Произошло все это еще с вечера, и к нашему приезду волк уже замерз окончательно. Пробрал мороз и сидевшего на дереве перепуганного кота, но спуститься вниз он так и не решался. Может, к утру мороз доконал бы и его, но тут подъехали мы. Услышав нас, кот завыл еще пуще.
Взваливая мерзлую тушу волка в кошевку, Василий Иванович предупредил меня:
— Смотри, Павлу не проговорись, Убили, мол, а то долю запросит, Уж он не упустит случая, знаю я его.
Подъехав к дому, Василий Иванович постучал кнутовищем в наличник. Вскоре из-за двойных рам, разрисованных морозом, показался неясный силуэт и постучал нам в ответ: мол, слышу. В избе засветился огонек, хлопнула дверь, и кто-то прошлепал по скрипучему снегу от крыльца к воротам. Застучал отодвигаемый засов, ворота отворились, и к нам вышел сам Павел, в валенках на босу ногу, в одном белье и в овчинном полушубке, накинутом прямо на голову.
— Ба, охотнички! — обрадованно воскликнул он. — Вот уж кого не ждал в этакий мороз. Заезжайте быстрее…
Он ушел, ежась от холода. Мы распрягли лошадь, поставили ее под навес, дали ей корма и, забрав сумки и ружья, вошли в избу. Ружья, чтобы не «вспотели» в тепле, оставили в сенях.

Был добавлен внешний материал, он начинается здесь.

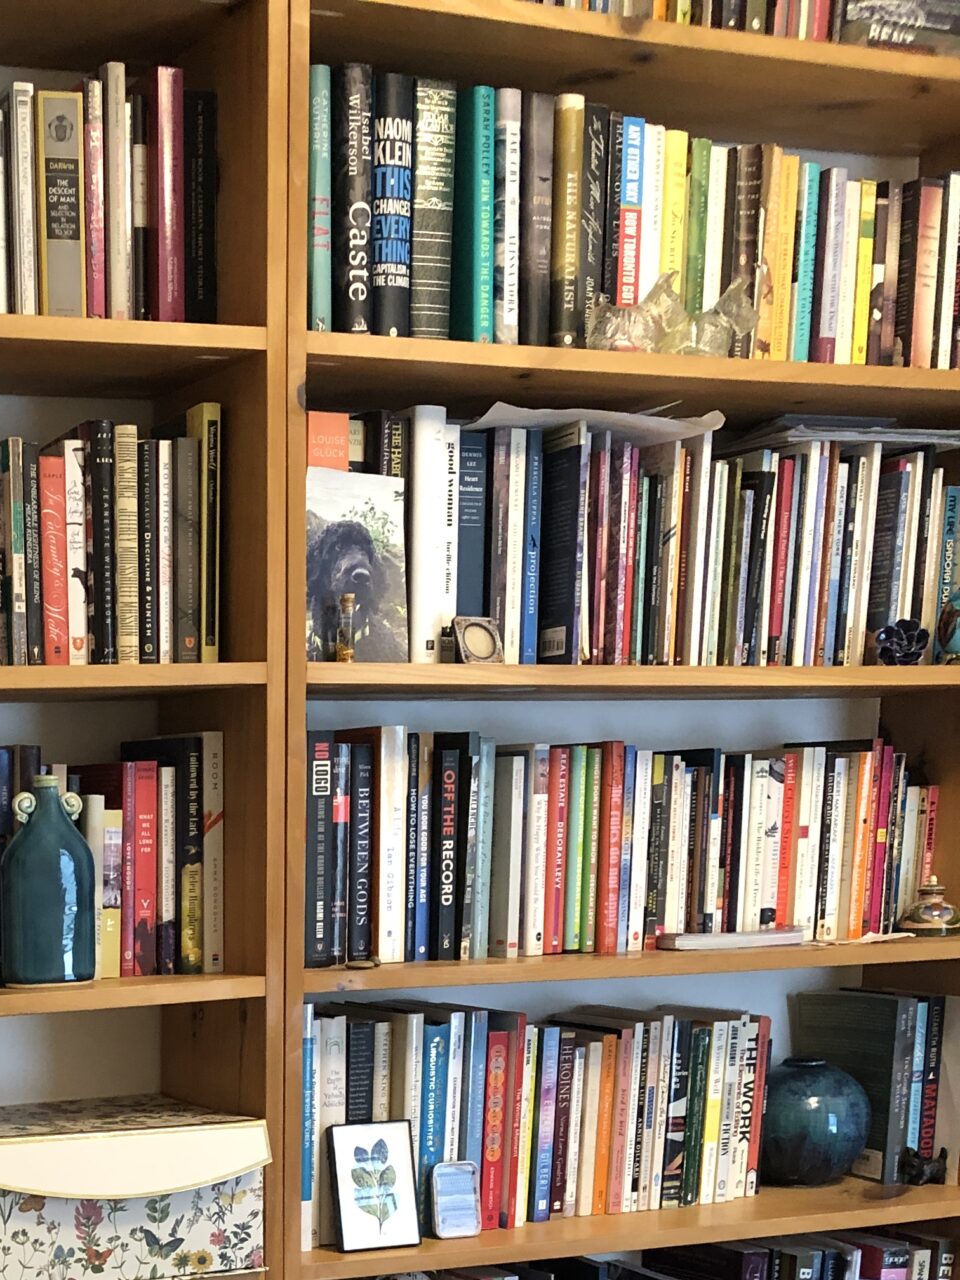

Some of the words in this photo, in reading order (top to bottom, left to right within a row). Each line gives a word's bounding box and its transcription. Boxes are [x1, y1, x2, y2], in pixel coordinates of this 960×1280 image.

Павел, уже одетый, сидел на кровати, а в чулане, гремя самоваром, суетилась жена его Ольга Петровна, добрая, очень полная старушка с тройным подбородком.
Изба у Павла, как и все лесные кордоны, — высокая и просторная. Убранство — небогатое. Три широкие лавки, прикрепленные прямо к стенам намертво, стол, большая деревянная кровать. На стене два запыленных лосиных рога. В углу, около двери, глиняный рукомойник, подвешенный над широкой лоханью. Кажись, и все.
— А тут с вечера все волчишка выл. И недалеко будто. Я еще пожалел, что нет никого из охотников, ан к утру и вы прикатили, легкие на помине, — сказал Павел и почему-то вздохнул.
— А мы взяли его! — похвалился Василий Иванович.
— Ай правду баешь? — удивленно воскликнул Павел.
Из чулана выглянула Ольга Петровна и тоже недоверчиво переспросила:
— Неужто убили?
Не поверив нам, Павел накинул полушубок и вышел во двор, Вскоре он вернулся и, обращаясь только к одной Ольге Петровне, подтвердил:
— Верно ведь говорят, волк в кошевке-то!
Вместе с Павлом в избу вбежал и кот, стуча по полу обмороженным хвостом. Стука этого хозяева не услышали, только мы с Василием Ивановичем понимающе переглянулись.
Ольга Петровна внесла в избу шумевший самовар и пригласила нас к столу. На столе появилась тарелка с хлебом, сахар, кринка с молоком. В добавление ко всему Василий Иванович вынул из рюкзака бутылку старки и колбасу.
Увидев водку, Павел улыбнулся, подкрутил у лампы фитиль, прибавив свету, больше обычного засуетился.
— Старуха! — окликнул он Ольгу Петровну. — А ты бы закусочку подала, грибков, огурчиков. Водочка, она с морозу-то для сугрева больно хороша…
Мы выпили по полстакана «со встречей», стали закусывать. Потчевали и Ольгу Петровну, но она, из вежливости чуть пригубив, отставила стакан, сославшись на то, что время уже печь растоплять, убираться по хозяйству, а водка может испортить все дело.
Павел, немного разгорячившись от вина, снова стал рассказывать, как волк с вечера выл невдалеке от кордона, словно чуял свою смерть.